EXERCISE DETAILS:
Write out each entry below exactly. Do not include the images.

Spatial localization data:
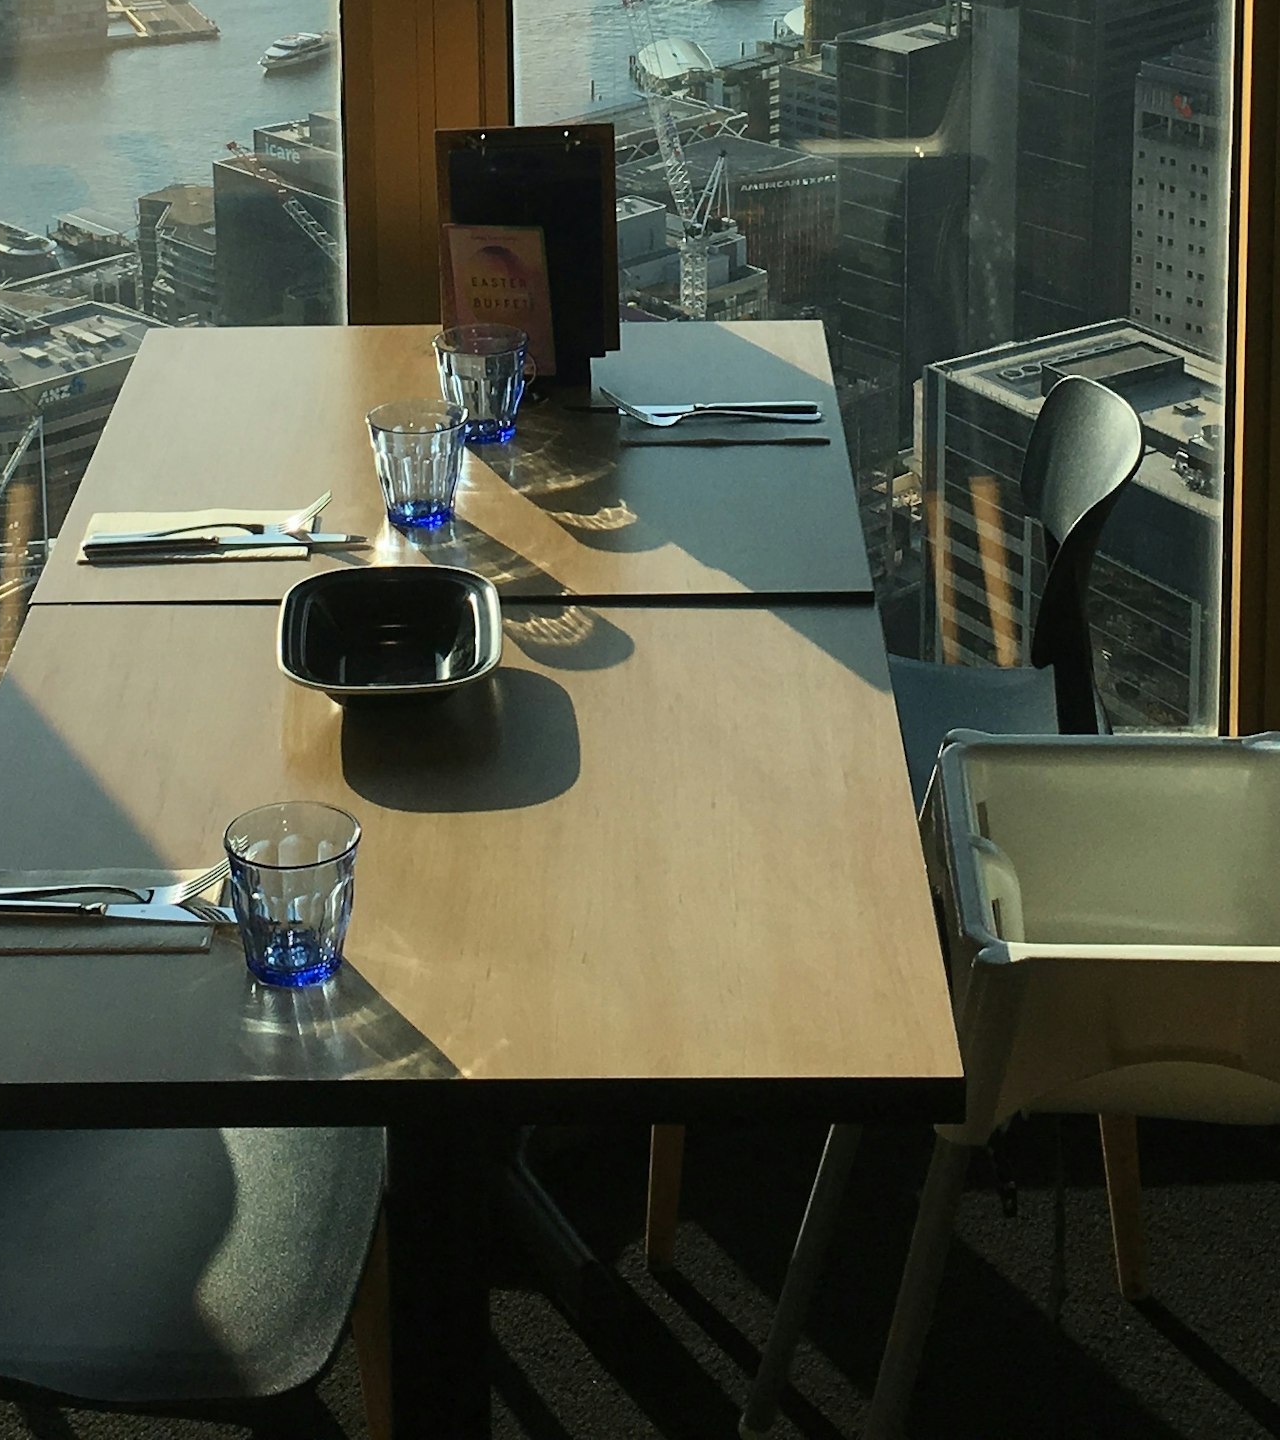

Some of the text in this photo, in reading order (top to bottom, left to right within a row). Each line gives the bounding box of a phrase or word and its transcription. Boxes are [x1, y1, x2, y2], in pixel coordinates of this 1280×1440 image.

[264, 136, 301, 165] icare
[740, 174, 837, 192] AMERICAN EXPRE
[471, 276, 527, 288] EASTER
[473, 297, 528, 309] BUFFET
[37, 384, 71, 406] ANZ

RESPONSE TO THIS EXERCISE:
Some of the text in this photo, in reading order (top to bottom, left to right within a row). Each line gives the bounding box of a phrase or word and its transcription. Boxes are [x1, y1, x2, y2], in pixel coordinates of this 1280×1440 image.

[264, 136, 301, 165] icare
[740, 174, 837, 192] AMERICAN EXPRE
[471, 276, 527, 288] EASTER
[473, 297, 528, 309] BUFFET
[37, 384, 71, 406] ANZ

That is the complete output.